As the judge—Rosemarie Aquilina—put it: the former gymnastics doctor is a danger, and he remains a danger. She told him in court that she essentially signed his “death warrant”. She also told him that he did not deserve to ever again “walk outside a prison”. In her mind, he did nothing to control his unfortunate urges. Destruction, she said, will occur to the vulnerable if Nassar is free.
The judge actually called it an “honor” and a “privilege” to sentence him, calling what he did calculated and devious.

Over 150 women took the stand to confront Nassar, and many of them bravely chose to speak without the benefit of anonymity. Nassar has now pleaded guilty to ten counts of sexual assault; his victims were young at the time; he did what he did while under the guise of offering medical treatment.
When the hearing regarding Nassar finally ended, the courtroom actually burst into applause.
To his credit, Nassar is at least claiming that the testimony of his victims has changed him for the better. After hearing the words of his victims, Nassar said that his victims’ words have had a “significant emotional impact”. He was, as he said, “shaken” to his core, adding that he would carry his victims’ words with him until the end of his life.
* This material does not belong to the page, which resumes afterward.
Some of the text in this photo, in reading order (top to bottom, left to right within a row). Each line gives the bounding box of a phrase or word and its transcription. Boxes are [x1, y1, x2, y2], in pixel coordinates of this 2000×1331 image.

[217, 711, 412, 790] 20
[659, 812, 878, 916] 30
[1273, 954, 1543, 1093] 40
That said, the judge in the case read a letter from Nassar; according to the doctor, what he did was medical, not sexual. He ended up convicted on federal porn-related charges; in his mind, he therefore lost credibility. In a statement, he said that’s he’s trying to avoid a trial for the benefit of his community and his family. However, he clearly believes that what is happening to him is wrong.
He also went on to say that he was a good doctor and his treatments worked. The ones speaking out against him, he said, are the ones who praised him and repeatedly sought his treatment. The media, he said, convinced his victims that everything was “wrong and bad”.
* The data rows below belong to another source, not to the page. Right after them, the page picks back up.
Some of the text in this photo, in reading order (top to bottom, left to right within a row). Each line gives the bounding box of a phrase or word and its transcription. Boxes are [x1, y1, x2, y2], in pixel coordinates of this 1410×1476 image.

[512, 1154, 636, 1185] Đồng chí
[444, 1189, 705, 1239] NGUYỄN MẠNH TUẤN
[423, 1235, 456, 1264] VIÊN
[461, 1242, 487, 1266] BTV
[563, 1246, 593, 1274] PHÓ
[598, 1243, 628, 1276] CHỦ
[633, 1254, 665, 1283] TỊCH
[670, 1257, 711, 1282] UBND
He also added this: “Hell hath no fury like a woman scorned”; the origin of that phrase is a play called The Mourning Bride, which was written in 1697.
Nassar also claimed that his victims are doing what they’re doing in order to get attention from the media as well as financial rewards.
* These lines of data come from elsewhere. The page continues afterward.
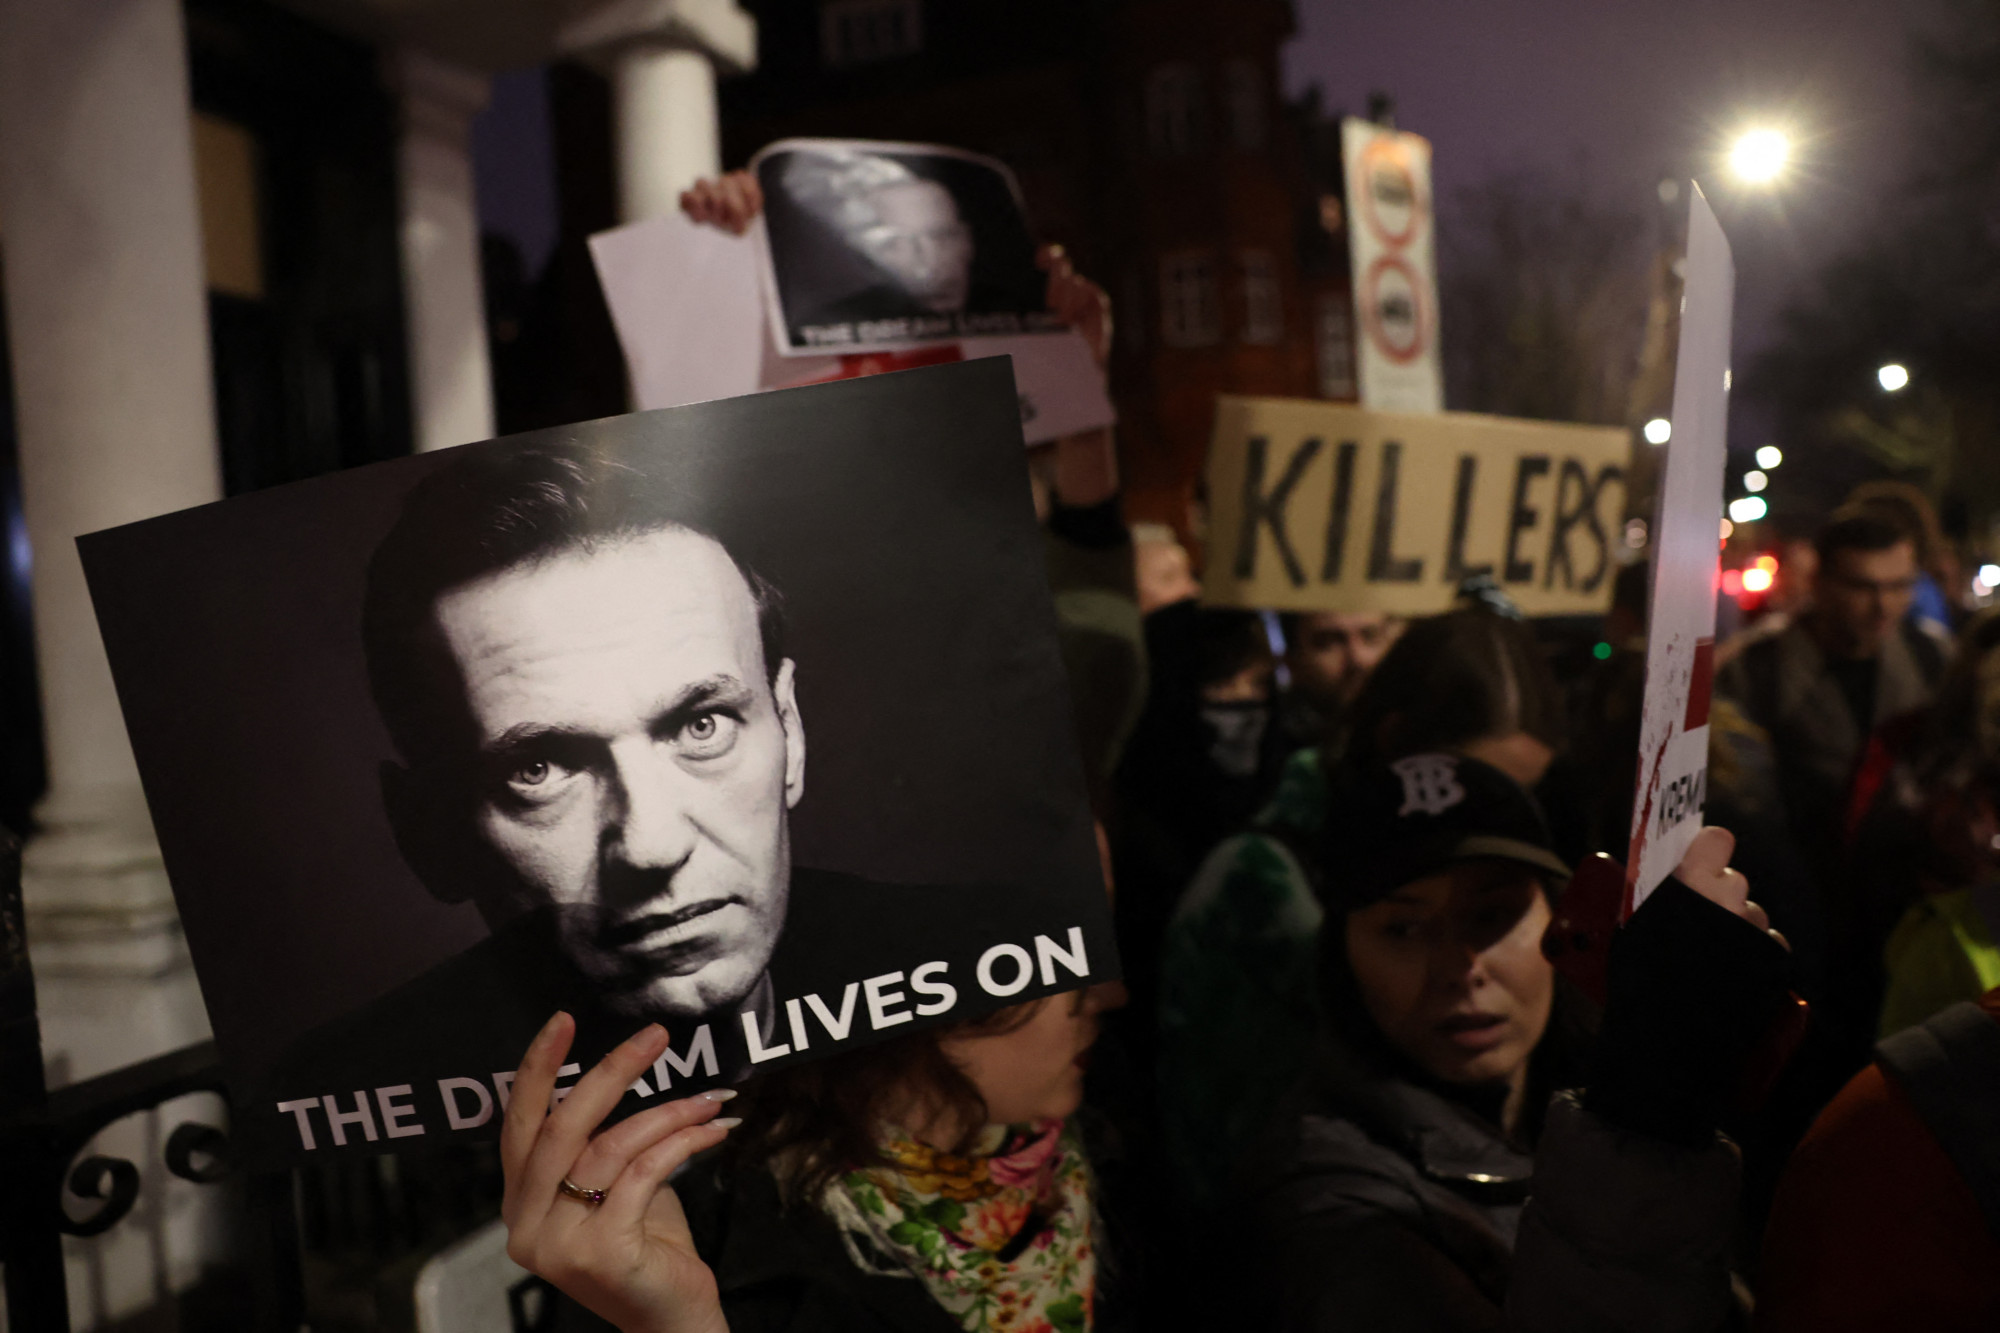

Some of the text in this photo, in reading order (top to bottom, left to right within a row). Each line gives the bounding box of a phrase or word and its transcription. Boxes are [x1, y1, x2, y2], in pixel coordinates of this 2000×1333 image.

[801, 322, 852, 346] THE
[1233, 435, 1626, 594] KILLERS
[277, 926, 1091, 1150] THE DEM LIVES ON
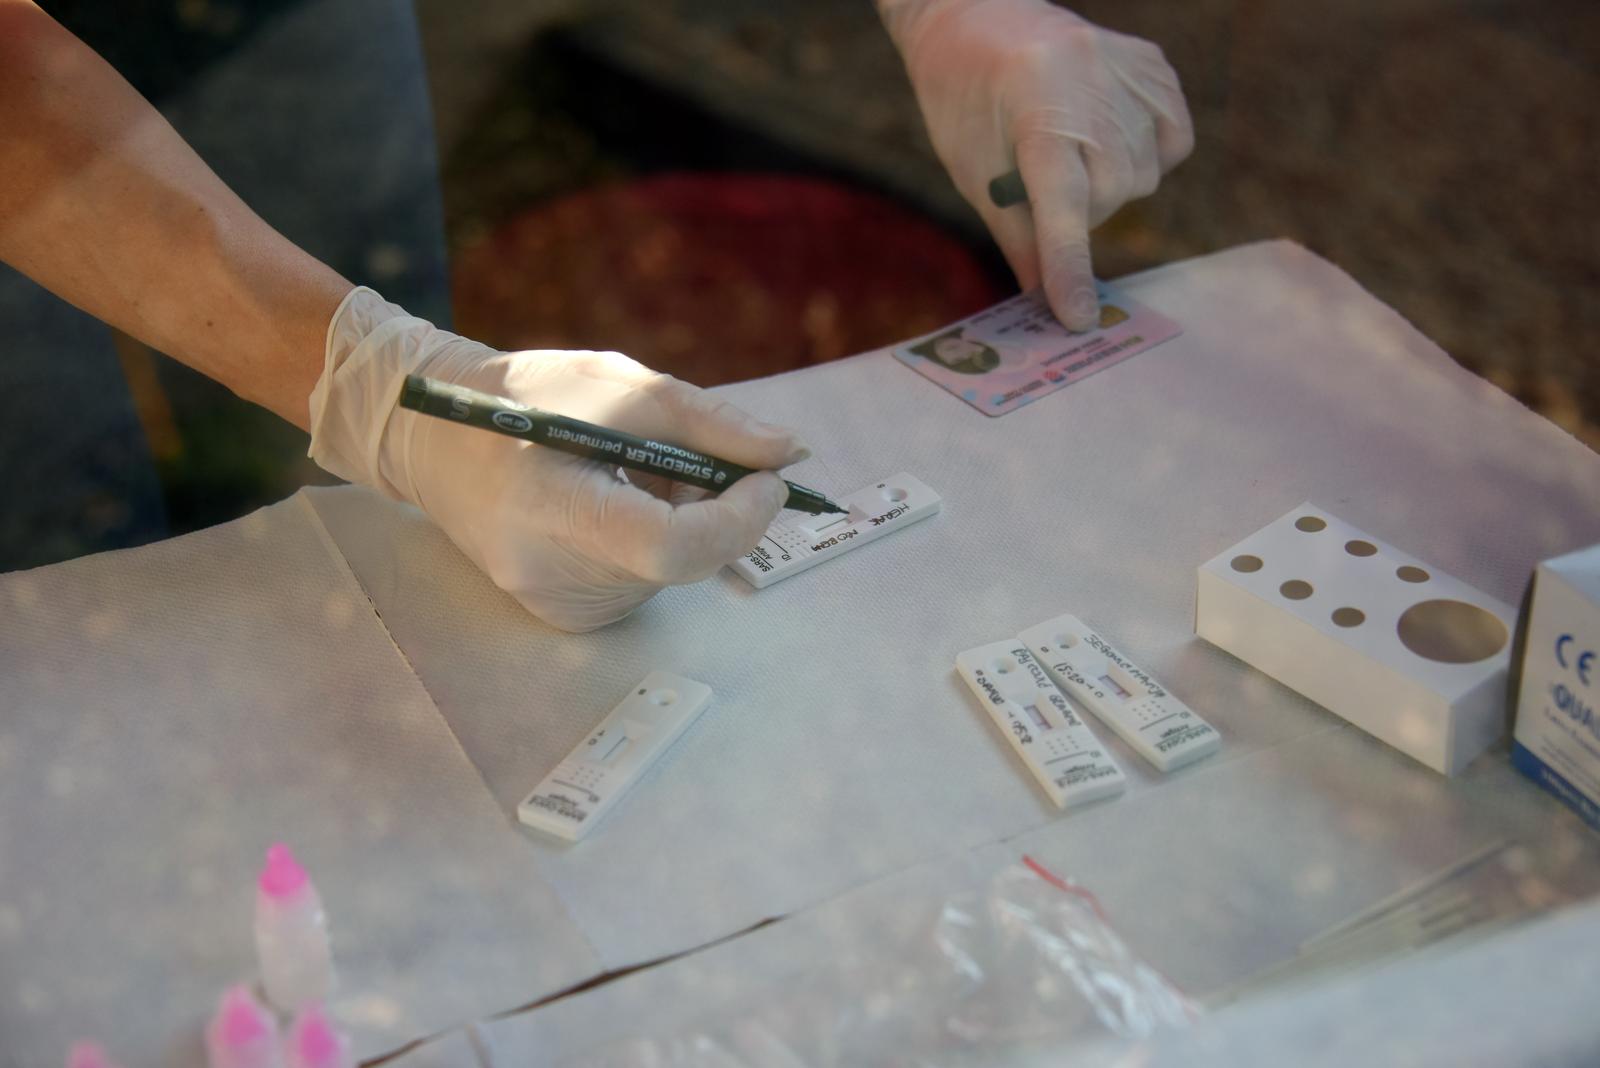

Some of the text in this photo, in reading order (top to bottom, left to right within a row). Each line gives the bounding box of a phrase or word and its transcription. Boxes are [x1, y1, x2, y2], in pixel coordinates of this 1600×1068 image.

[547, 426, 713, 481] STAEDTLER permanent
[755, 545, 773, 560] Antige
[781, 553, 793, 562] ID
[745, 552, 772, 573] SARS-C
Nassar is also facing a 60-year jail sentence for the possession of child pornography.
According to a prosecutor in the case, Nassar found gymnastics to be the ideal place to be abusive; his victims, she said, viewed him as a “god” of the sport. The prosecutor added that it takes a level of “sick perversion” to assault a child with her parents present.

One of the athletes who accused Nassar of assault is now a lawyer in Kentucky. She came forward with her claims in 2016, stating that Nassar fondled and penetrated her when she was just 15 years old. Her name is Rachael Denhollander, and her statements are what got law enforcement to actively investigate Nassar.
She called him a man ruled by “perverted desires”.
Another one of Nassar’s victims, Mattie Larson, has said that she actually tried to give herself a concussion just to avoid attending a camp run by the man. She actually attempted to make it look like she slipped while bathing. She was so willing to harm herself to avoid contact with Nassar that she ended up developing a 6-year-long eating disorder.

As Larson put it, she can’t even put into words just how much she hates Nassar. She believed, as a child, that he was a kind person. That kindness, she says, was a ploy that allowed him to molest her whenever he got the chance to do so.
The most disturbing thing said by a victim: no matter what Nassar was treating—usually the ankles or knees—his fingers always seemed to “find their way inside me”.